Note: This is a repost of my January post on MIT Media Lab’s Wordpress blog of their RedX 2015 Camp held at IIT-Bombay. There are a few minor modifications though.

We want to track the health of every tooth over time, and therefore wanted an algorithm that could extract the image of every single tooth from the stitch that we obtained in our previous step. Our first attempt was at a completely automated approach, and we soon found a paper which attempted to solve a problem that was a subset of ours. They wanted to separate the teeth part from the rest of the image, while we wanted to segment every teeth from the rest of the image. The algorithm that these guys had used was pretty basic (Active Contours Without Edges), and I got it working within half an hour on MATLAB, with the following results:

Obtained using Active Contours Without Edges (Chan-Vese)

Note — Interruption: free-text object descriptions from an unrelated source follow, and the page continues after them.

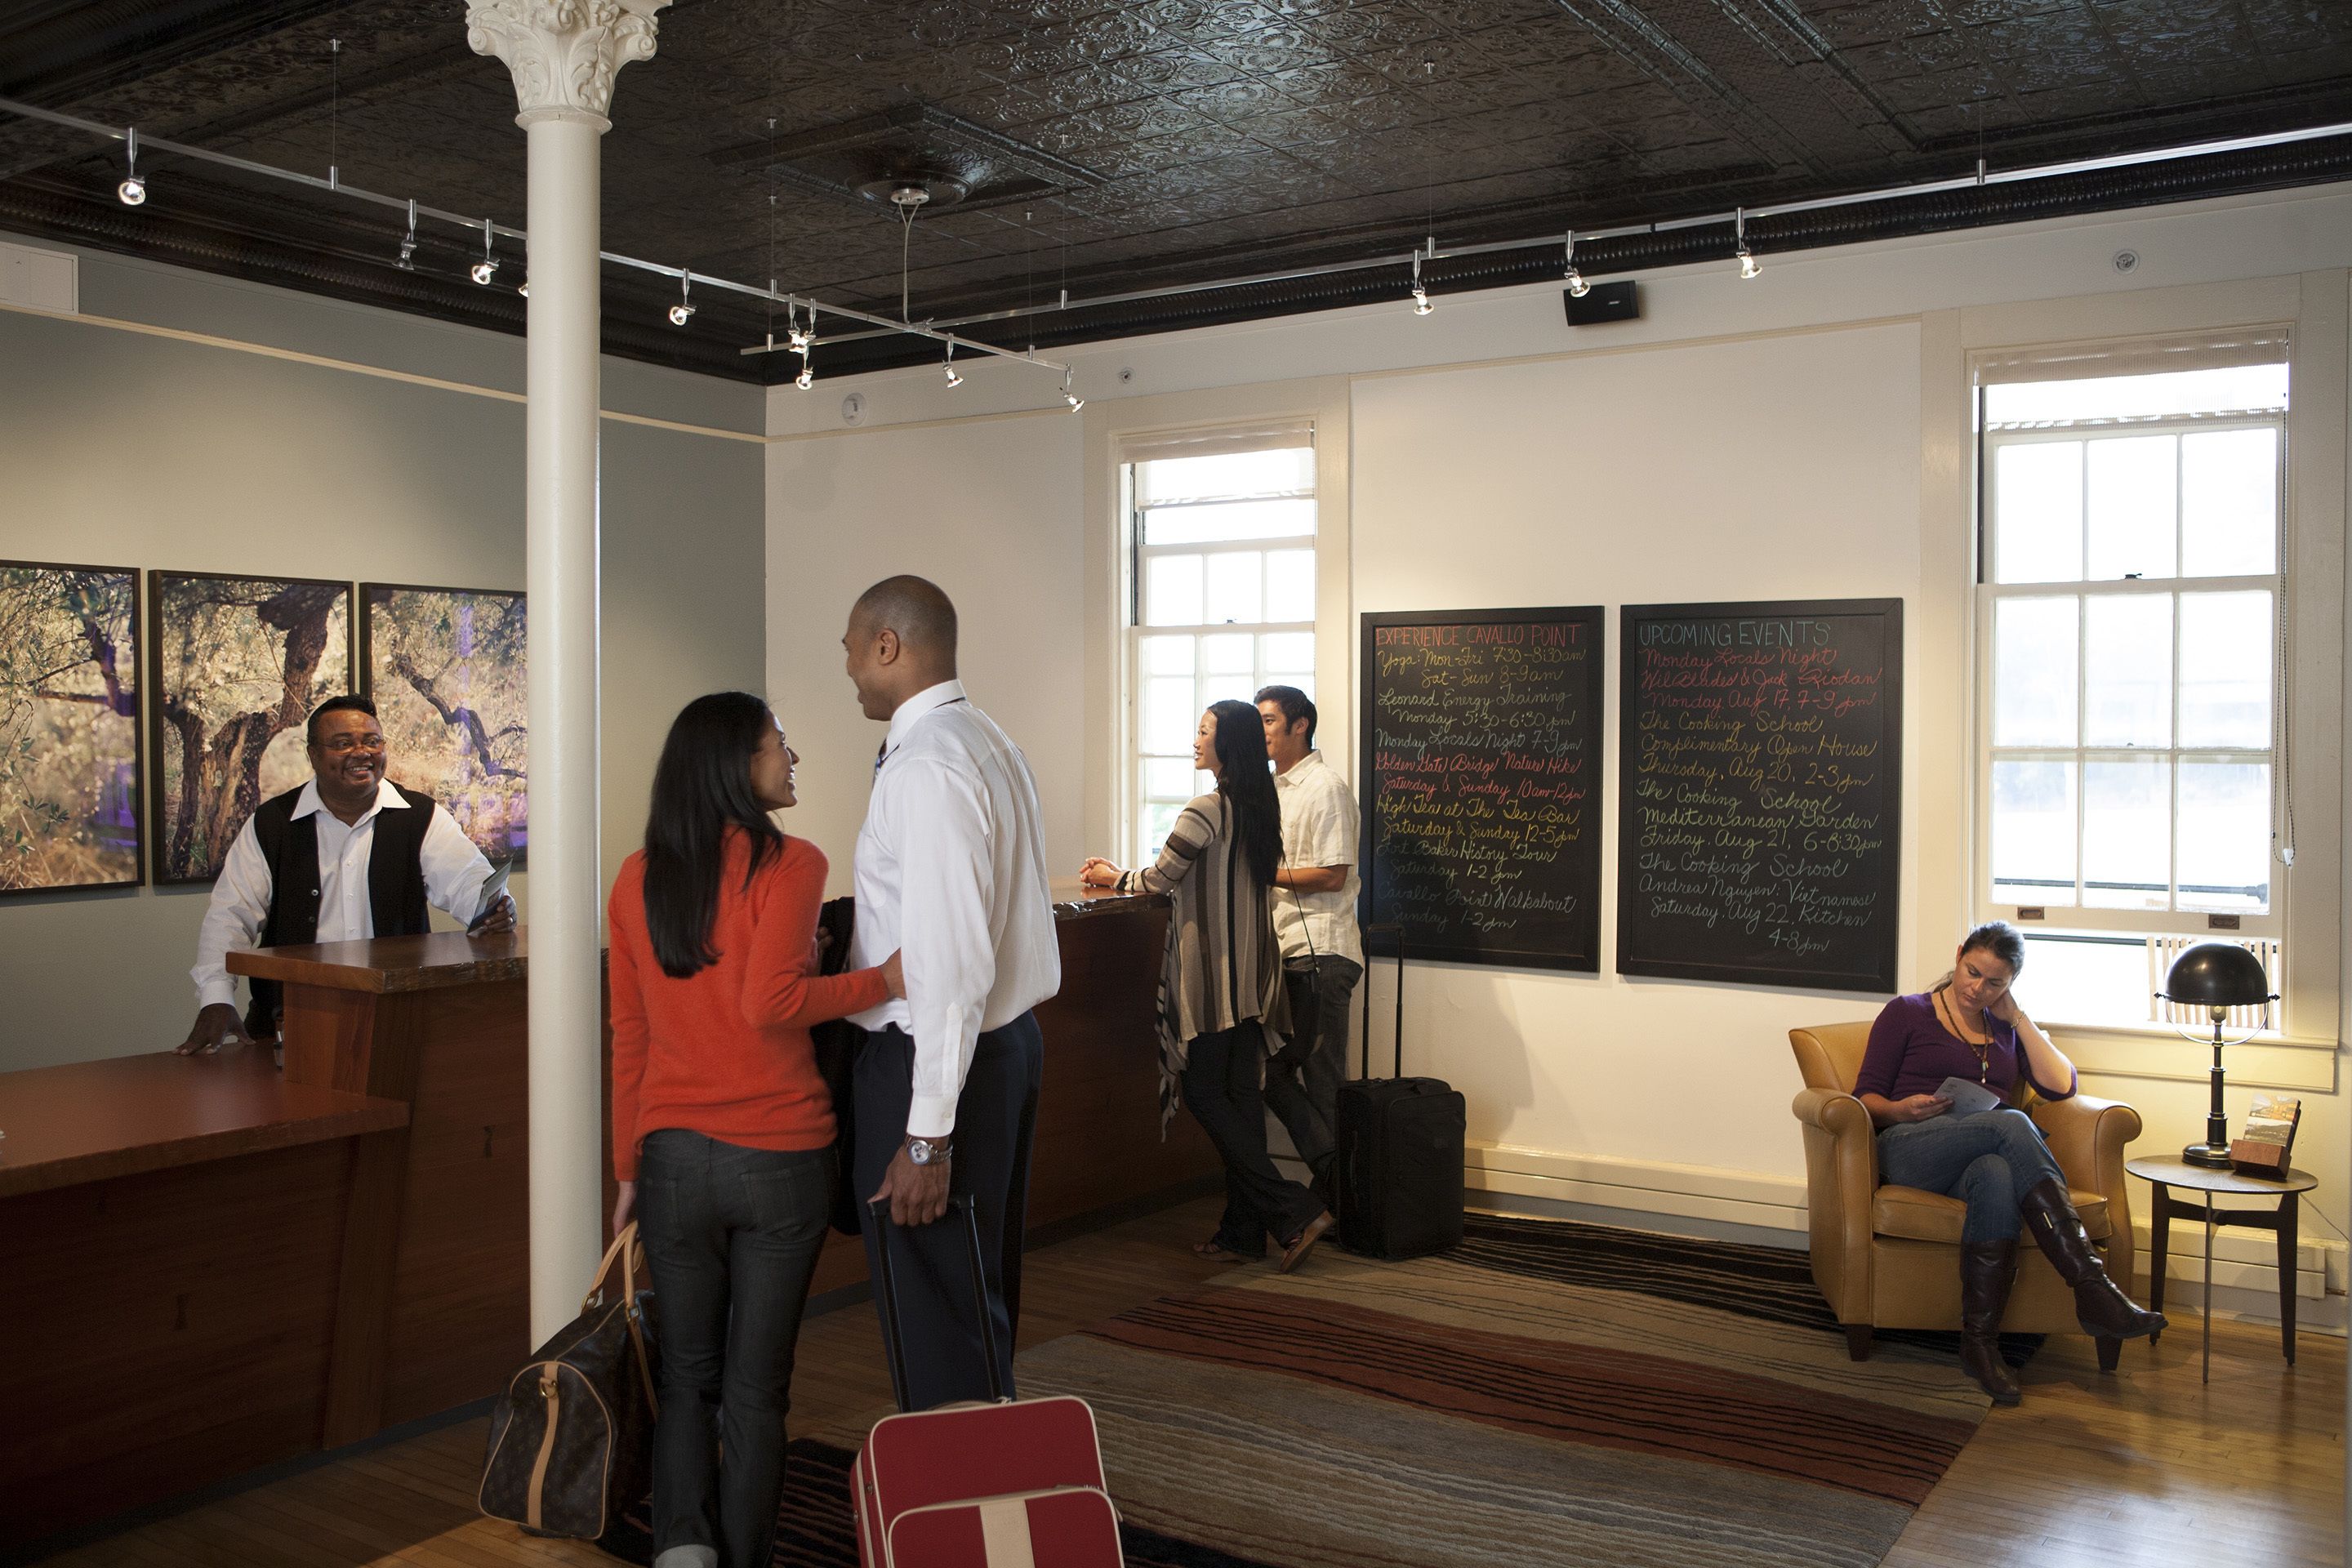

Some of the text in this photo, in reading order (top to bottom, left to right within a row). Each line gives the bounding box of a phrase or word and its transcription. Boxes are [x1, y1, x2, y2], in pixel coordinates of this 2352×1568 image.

[1375, 623, 1582, 648] EXPERIENCE CAVALLO POINT
[1639, 620, 1832, 647] UPCOMING EVENTS
[1638, 646, 1838, 679] Monday Locals Night
[1740, 666, 1751, 687] &
[1378, 683, 1572, 714] Leonard Energy Training
[1728, 689, 1767, 718] Aug
[1392, 709, 1458, 733] Monday
[1639, 710, 1824, 741] The Cooking School
[1375, 728, 1428, 760] Monday
[1428, 726, 1484, 751] Locals
[1484, 728, 1526, 755] Night
[1641, 733, 1878, 764] Complimentary Open House
[1375, 751, 1582, 780] Golden Gate Bridge Nature Hike
[1729, 756, 1764, 791] Aug
[1382, 773, 1437, 800] Saturday
[1442, 774, 1451, 791] &
[1458, 774, 1510, 805] Sunday
[1636, 777, 1842, 817] The Cooking School
[1375, 794, 1581, 825] High Tea at The Tea Bar
[1637, 805, 1878, 831] Mediterranean Garden
[1381, 817, 1454, 847] Saturday
[1455, 820, 1466, 837] &
[1468, 822, 1521, 850] Sunday
[1714, 828, 1764, 860] Aug
[1412, 840, 1459, 858] Baker
[1459, 844, 1508, 872] History
[1512, 843, 1558, 863] Tour
[1639, 851, 1850, 885] The Cooking School
[1389, 858, 1459, 889] Saturday
[1379, 882, 1577, 914] Cavallo Point Walkabout
[1638, 873, 1709, 894] Andrea
[1782, 878, 1877, 906] Vietnamese
[1390, 902, 1449, 933] Sunday
[1727, 900, 1762, 935] Aug
[1797, 904, 1873, 929] Kitchen

But this approach had a few problems. It was computationally expensive (~ 2min to run on my Intel Core i7 machine), and could not be used to segment an individual tooth out.

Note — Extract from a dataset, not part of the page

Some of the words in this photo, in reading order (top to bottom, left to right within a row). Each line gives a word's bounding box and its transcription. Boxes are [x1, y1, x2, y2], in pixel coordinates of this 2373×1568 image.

So, I started looking at other algorithms, and soon stumbled across the Watershed transform. In order to generate good results, watershed needs certain markers, and these markers can be generated using both automated or manual methods. One popular automated method for generating these markers is ‘opening-by-reconstruction’ and ‘closing-by-reconstruction’. The following results were obtained using MATLAB’s watershed example:

Vanilla Watershed with automatic marker generation

As you can see, the above is a complete mess. A lot of unwanted segments are obtained, and some superpixels (clusters of pixels) flow into each other. So, I then tried a manual-marker approach, and the results were much better:

Watershed with manually-annotated markers

A matlab-based GUI is used to generate the masks as follows:

The mask file looks something like this:

The mask used to generate the above results

In the final product, we can assume to have a touchscreen based user interface, wherein the user slashes with his finger across every tooth once, and then gets the segmented image as an output. One several such images have been mannually annotated, we could use a learning algorithm that can automatically generate these masks.